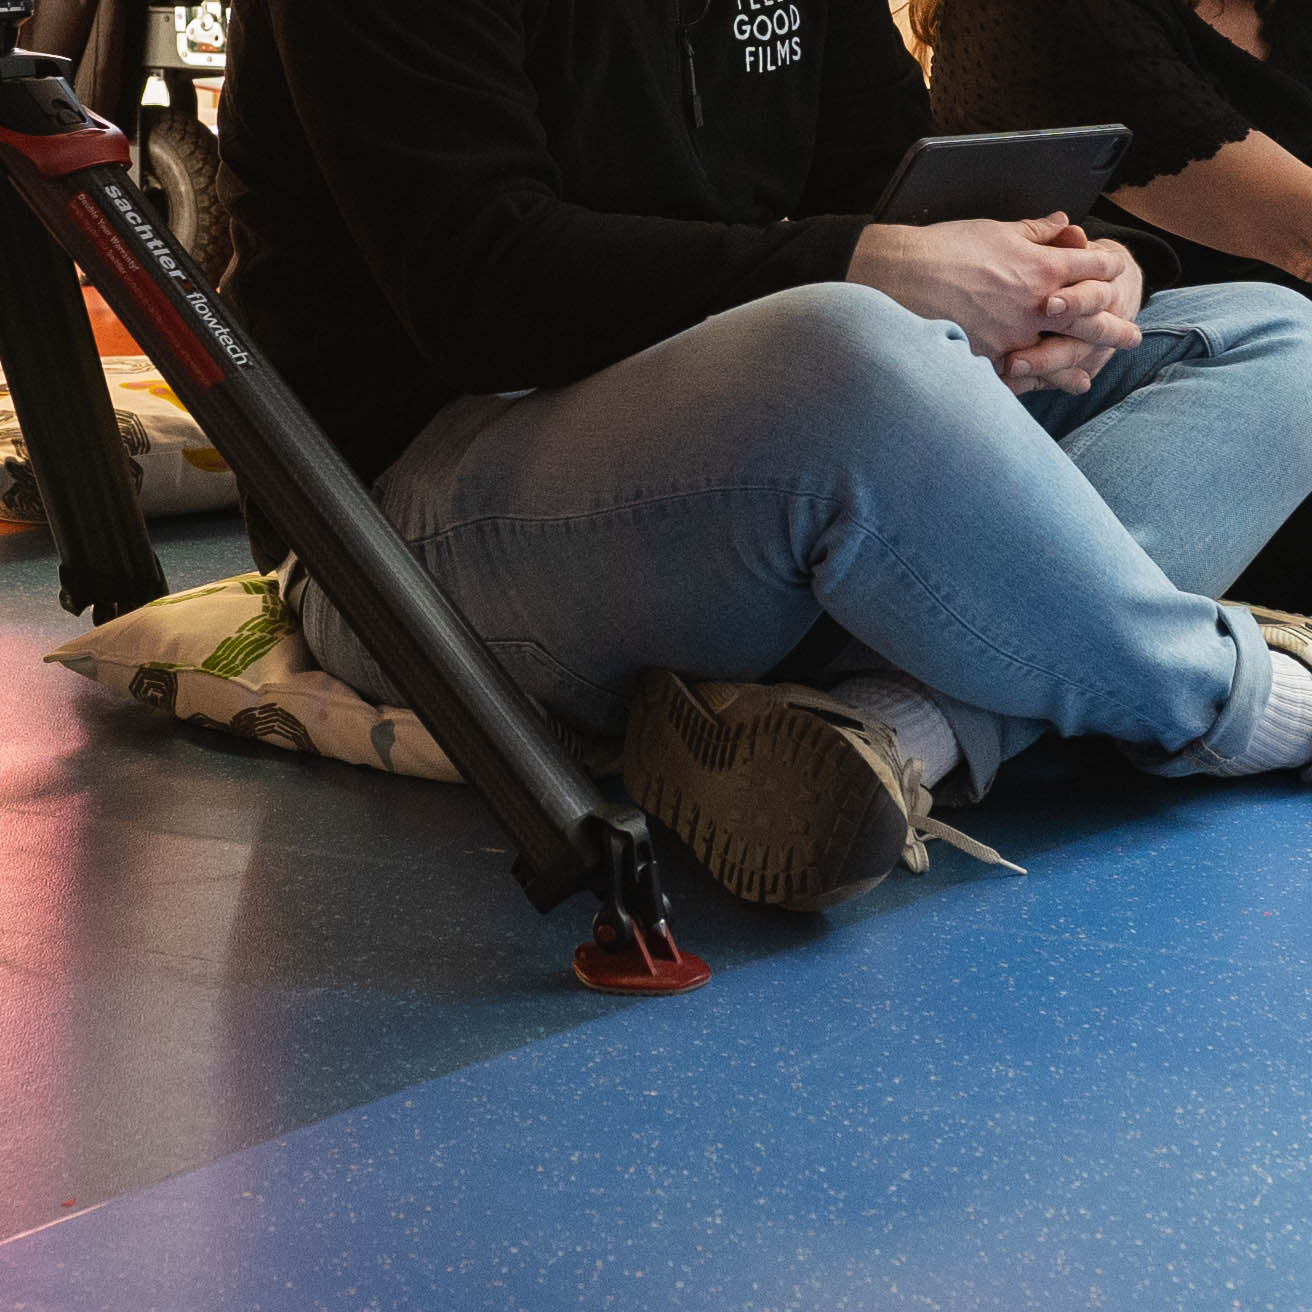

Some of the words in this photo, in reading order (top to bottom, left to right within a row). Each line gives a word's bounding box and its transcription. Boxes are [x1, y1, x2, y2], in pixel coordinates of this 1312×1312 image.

[733, 4, 801, 40] GOOD
[745, 36, 802, 73] FILMS
[104, 184, 186, 282] sachtler
[186, 291, 250, 366] flowtech

----

GOAL OF THE EXERCISE:
Repeat the data above exactly, leaving out any pictures it holds.

REPLY TO THE TASK:
Some of the words in this photo, in reading order (top to bottom, left to right within a row). Each line gives a word's bounding box and its transcription. Boxes are [x1, y1, x2, y2], in pixel coordinates of this 1312×1312 image.

[733, 4, 801, 40] GOOD
[745, 36, 802, 73] FILMS
[104, 184, 186, 282] sachtler
[186, 291, 250, 366] flowtech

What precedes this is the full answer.